Of note is what’s not in the budget.

There is no specified funding for a provincial police service, Alberta pension plan or the $100 million Liability Management Incentive Program that would provide royalty credits for companies to clean up well sites they are already liable for.

“None of those policies have been approved,” said Finance Minister Travis Toews during a pre-budget media conference as to why those much-touted programs weren’t included.

There was little with respect to new funding for agricultural programs.

The province will continue to fund the Alberta Irrigation Modernization Program with $33.5 million in the next fiscal year and $140 million over the next three years in addition to $38.5 million to Results Driven Agricultural Research (RDAR) to promote profitability in the sector.

The Highway 3 agri-industry corridor between Medicine Hat and Lethbridge will be getting $94 million over the next three years for the previously announced project expected to begin this year. Another $6 million has been allocated for engineering activities for twinning the highway to the B.C. border.

The province’s Agricultural Societies Infrastructure Revitalization will see an additional $8 million over three years to upgrade exhibition centres and agri-plexes.

The Alberta government will also be providing $1.2 million for upgrades to laboratory equipment at the University of Calgary’s Faculty of Veterinary Medicine.

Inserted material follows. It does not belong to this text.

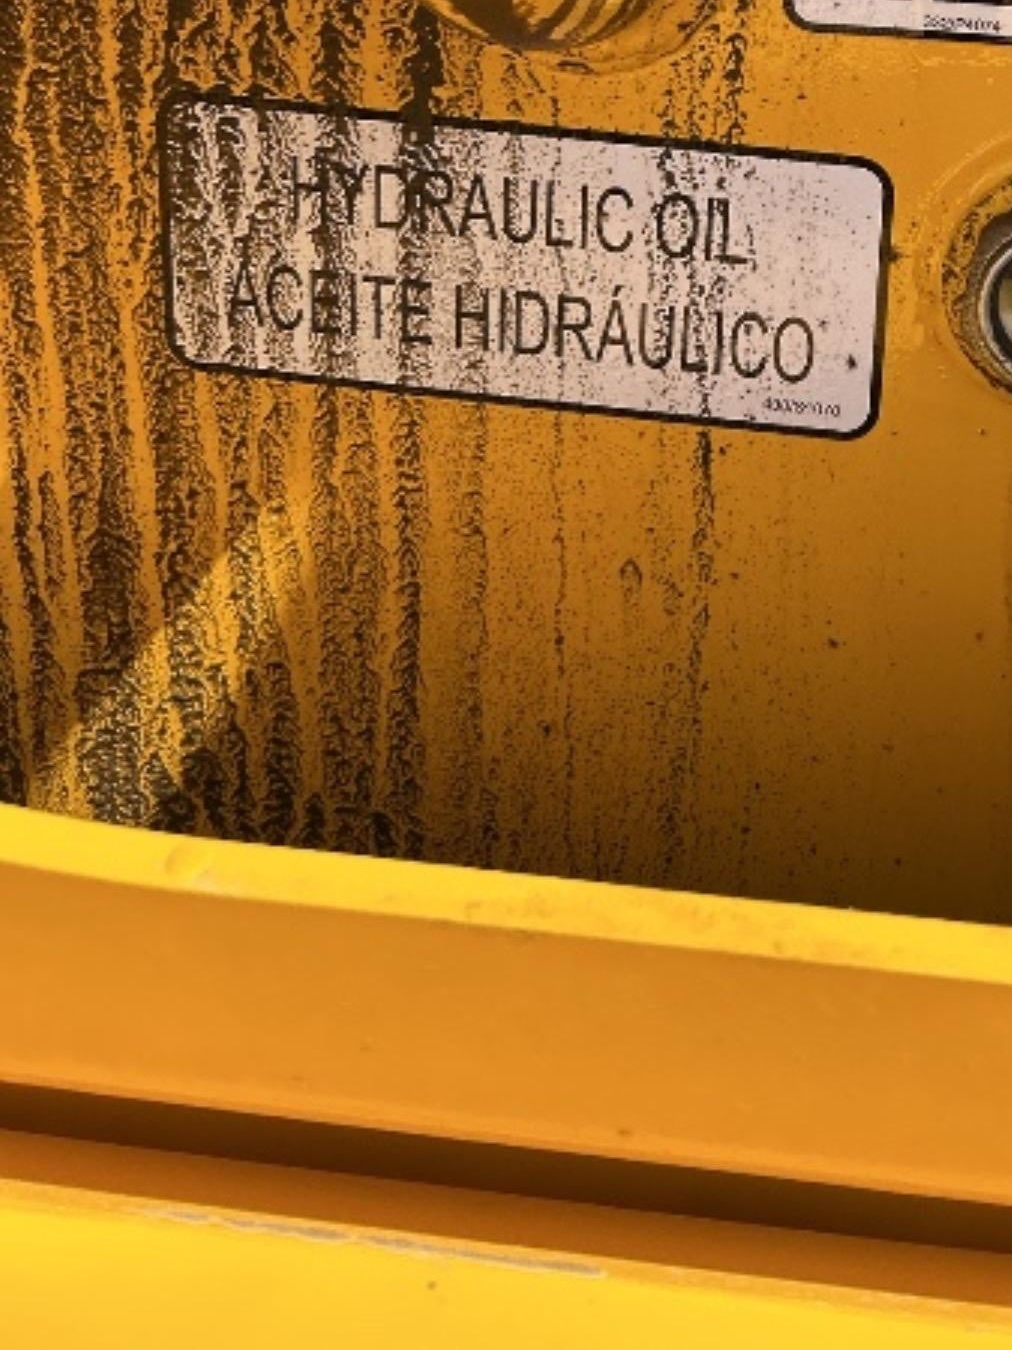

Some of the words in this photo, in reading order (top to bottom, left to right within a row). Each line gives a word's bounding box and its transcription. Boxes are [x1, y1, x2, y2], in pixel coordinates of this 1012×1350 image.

[289, 156, 635, 253] HYDRAULIC
[655, 194, 749, 266] OIL
[229, 260, 434, 346] ACEITE
[455, 286, 815, 384] HIDRÁULICO

Dean Renate Weller said in an interview last year the faculty planned to further expand its diagnostic services to help Alberta producers guard against animal diseases such as avian influenza.

The funding is separate from a total of $67.4 million previously announced to double annual student enrolment under a major three-year expansion to help ease a critical shortage of veterinarians that is increasingly affecting the province’s farmers and ranchers.

The next three years are also expected to see $10 million invested by the provincial government in rural business and economic development initiatives with the same amount over the same period being invested in Travel Alberta for rural tourism programming.

Toews said the province is continuing to try to wean itself off the oil and gas rollercoaster.

But when asked about how that’s being done through the latest budget, which relies heavily on a windfall from the sector, Toews said the province is not quite there yet.

“That’s our reality right now,” he said.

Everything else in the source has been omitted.